(Source data)

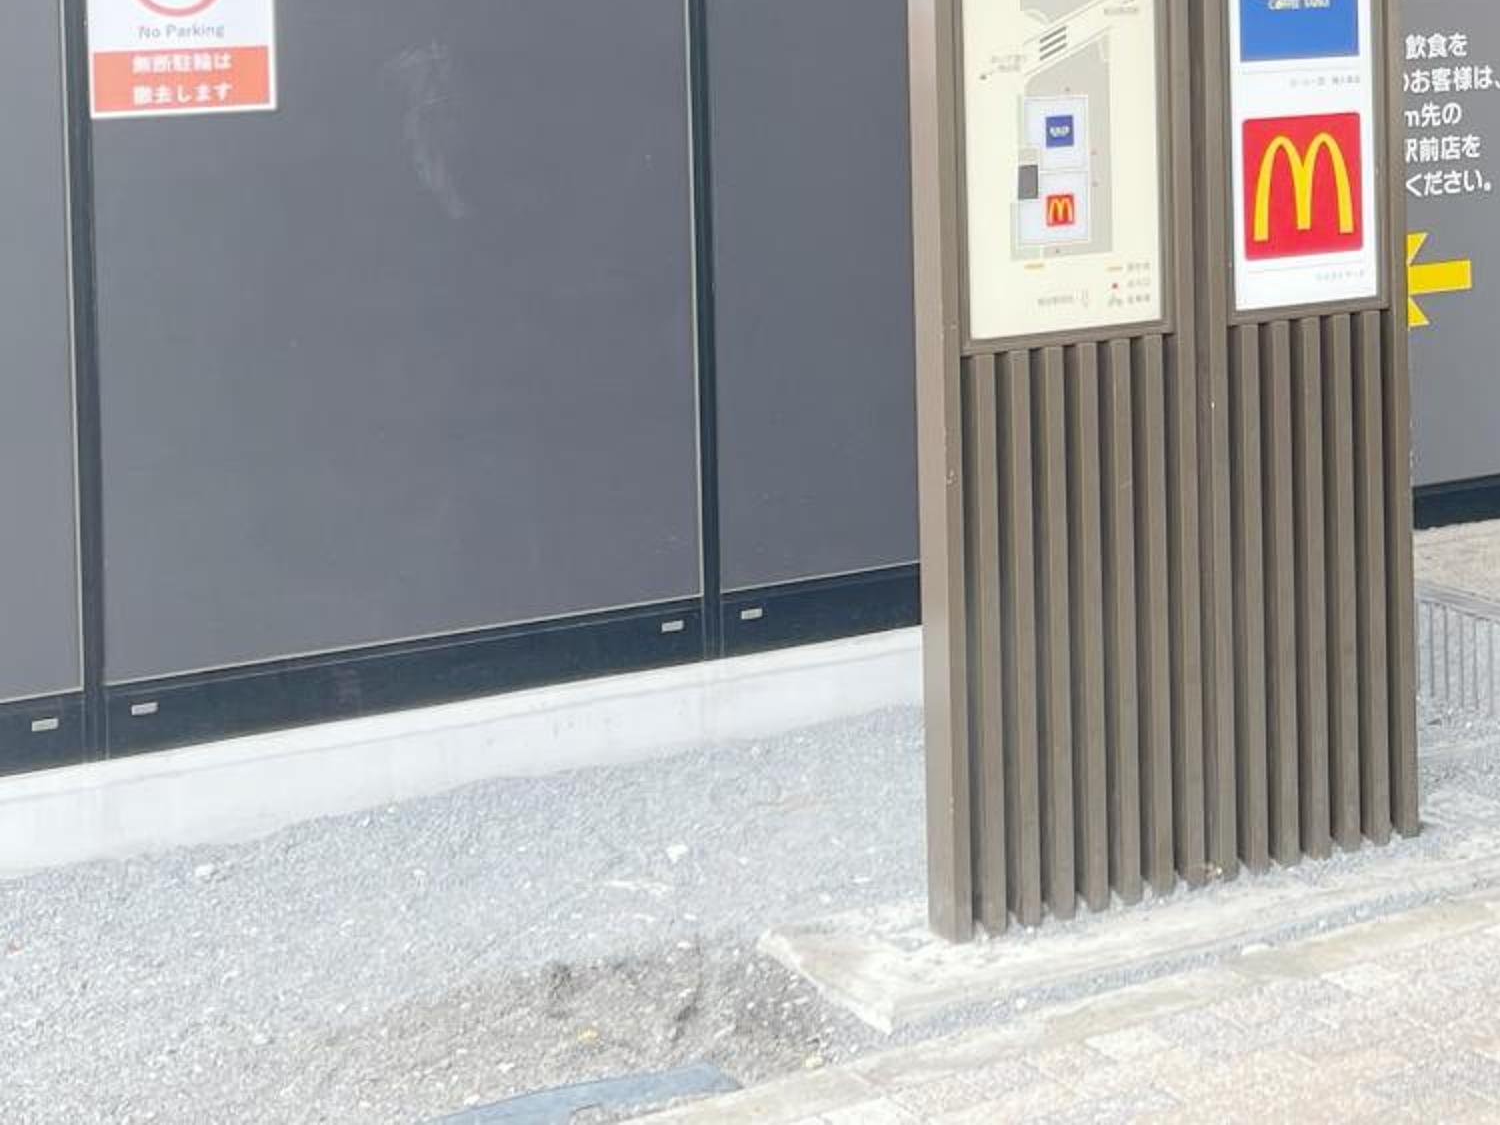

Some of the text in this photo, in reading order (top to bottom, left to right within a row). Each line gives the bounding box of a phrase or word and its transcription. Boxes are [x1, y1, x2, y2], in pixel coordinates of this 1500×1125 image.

[138, 24, 225, 39] No Parking
[1405, 33, 1468, 59] 飲食を
[1405, 169, 1493, 197] ください。
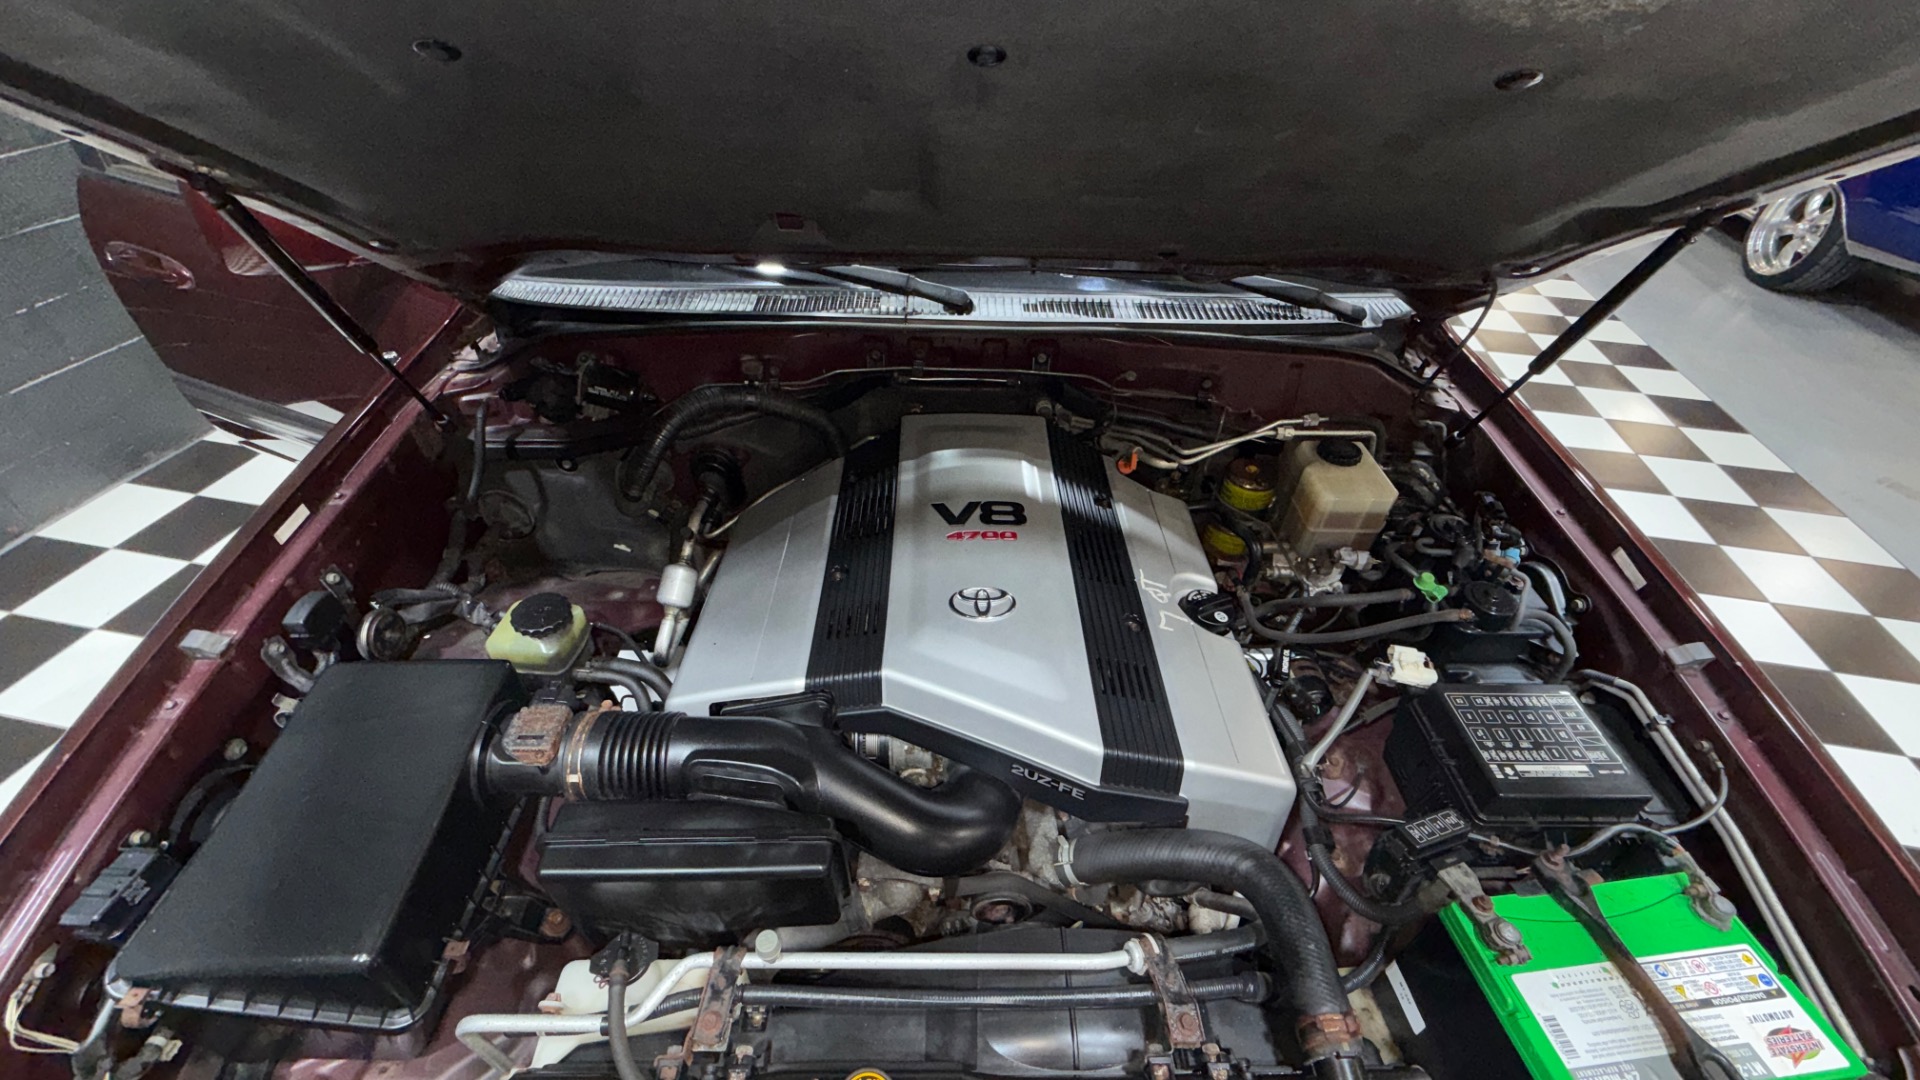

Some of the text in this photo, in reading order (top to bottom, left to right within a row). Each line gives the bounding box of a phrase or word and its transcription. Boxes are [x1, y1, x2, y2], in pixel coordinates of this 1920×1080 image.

[931, 501, 1028, 526] V8
[946, 530, 1018, 541] 4700
[1010, 764, 1086, 801] 2UZ-FE
[1711, 991, 1767, 1006] DANGER/POISON
[1746, 1009, 1795, 1024] AUTOMOTIVE
[1766, 1031, 1814, 1046] BATTERIES
[1768, 1040, 1825, 1058] INTERSTATE
[1735, 1061, 1768, 1077] MT-2
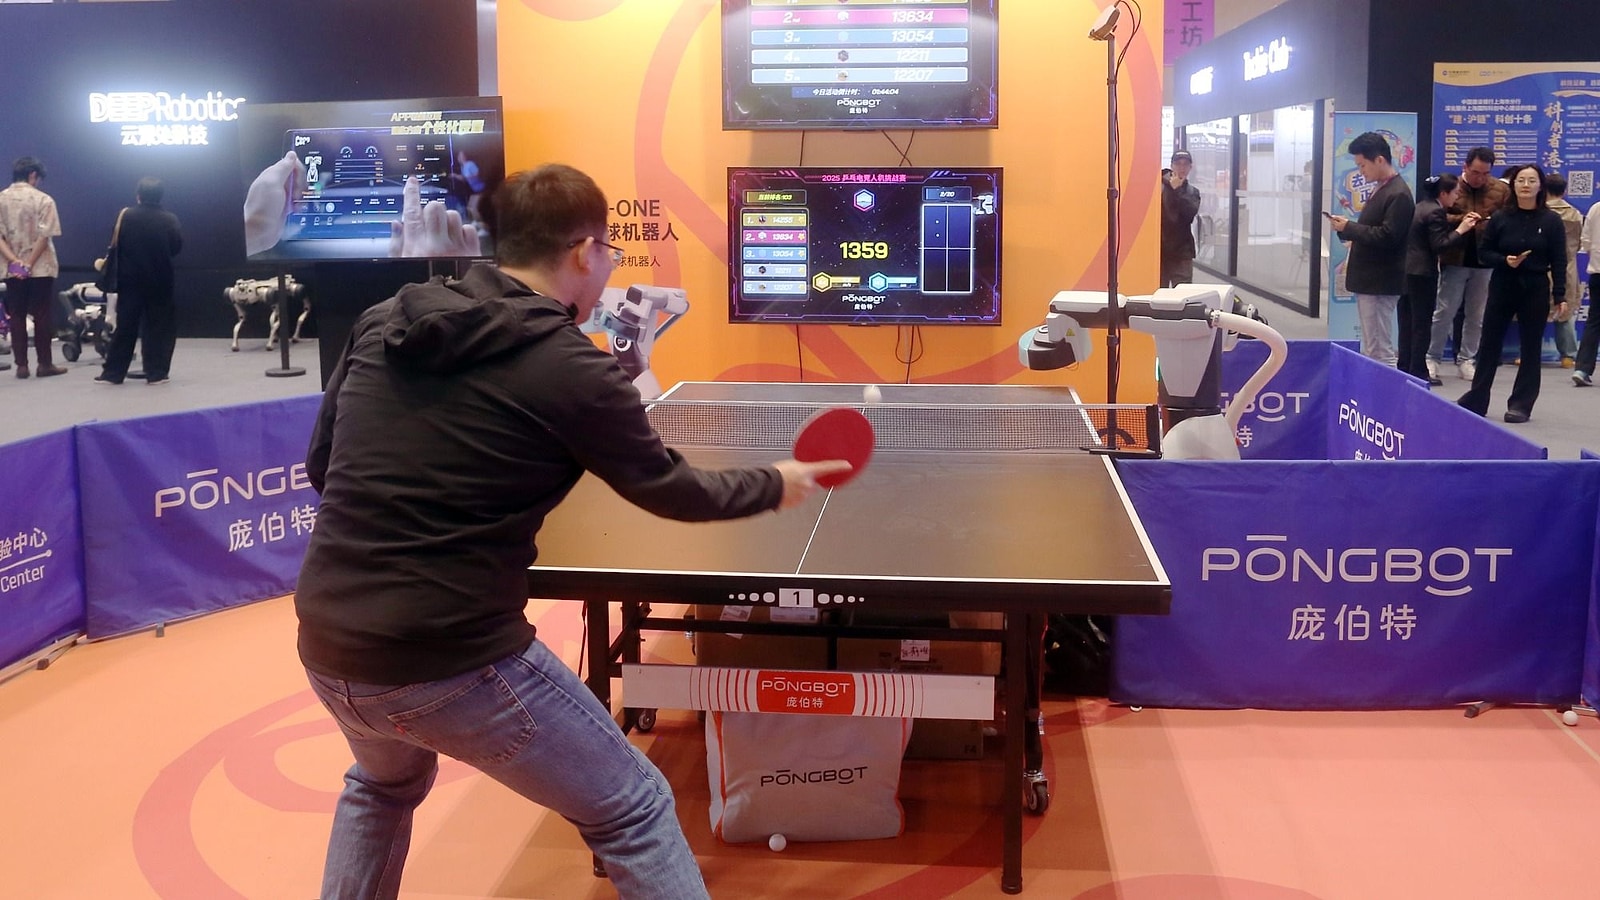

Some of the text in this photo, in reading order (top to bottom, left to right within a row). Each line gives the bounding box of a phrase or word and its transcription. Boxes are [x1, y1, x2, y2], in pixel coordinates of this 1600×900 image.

[892, 10, 934, 23] 13634
[1180, 2, 1203, 47] 工坊
[892, 30, 934, 42] 13054
[894, 69, 933, 81] 12207
[1495, 114, 1532, 125] 科创十条
[1543, 101, 1564, 175] 科创者港
[839, 242, 889, 259] 1359
[229, 504, 318, 552] 庞伯特
[0, 565, 45, 592] Center
[1287, 604, 1418, 641] 庞伯特
[786, 697, 824, 709] 庞伯特

**What this task involves:**
Set each line of the records down exactly, leaving every picture out.

**Written response:**
Some of the text in this photo, in reading order (top to bottom, left to right within a row). Each line gives the bounding box of a phrase or word and its transcription. Boxes are [x1, y1, x2, y2], in pixel coordinates of this 1500×1125 image.

[138, 24, 225, 39] No Parking
[1405, 33, 1468, 59] 飲食を
[1405, 169, 1493, 197] ください。

Some of the text in this photo, in reading order (top to bottom, left to right within a row). Each line gives the bounding box of a phrase or word and its transcription. Boxes are [x1, y1, x2, y2], in pixel coordinates of this 1920×1080 image.

[931, 501, 1028, 526] V8
[946, 530, 1018, 541] 4700
[1010, 764, 1086, 801] 2UZ-FE
[1711, 991, 1767, 1006] DANGER/POISON
[1746, 1009, 1795, 1024] AUTOMOTIVE
[1766, 1031, 1814, 1046] BATTERIES
[1768, 1040, 1825, 1058] INTERSTATE
[1735, 1061, 1768, 1077] MT-2

Some of the text in this photo, in reading order (top to bottom, left to right within a row). Each line gives the bounding box of a phrase or word and its transcription. Boxes are [x1, y1, x2, y2], in pixel coordinates of this 1600×900 image.

[892, 10, 934, 23] 13634
[1180, 2, 1203, 47] 工坊
[892, 30, 934, 42] 13054
[894, 69, 933, 81] 12207
[1495, 114, 1532, 125] 科创十条
[1543, 101, 1564, 175] 科创者港
[839, 242, 889, 259] 1359
[229, 504, 318, 552] 庞伯特
[0, 565, 45, 592] Center
[1287, 604, 1418, 641] 庞伯特
[786, 697, 824, 709] 庞伯特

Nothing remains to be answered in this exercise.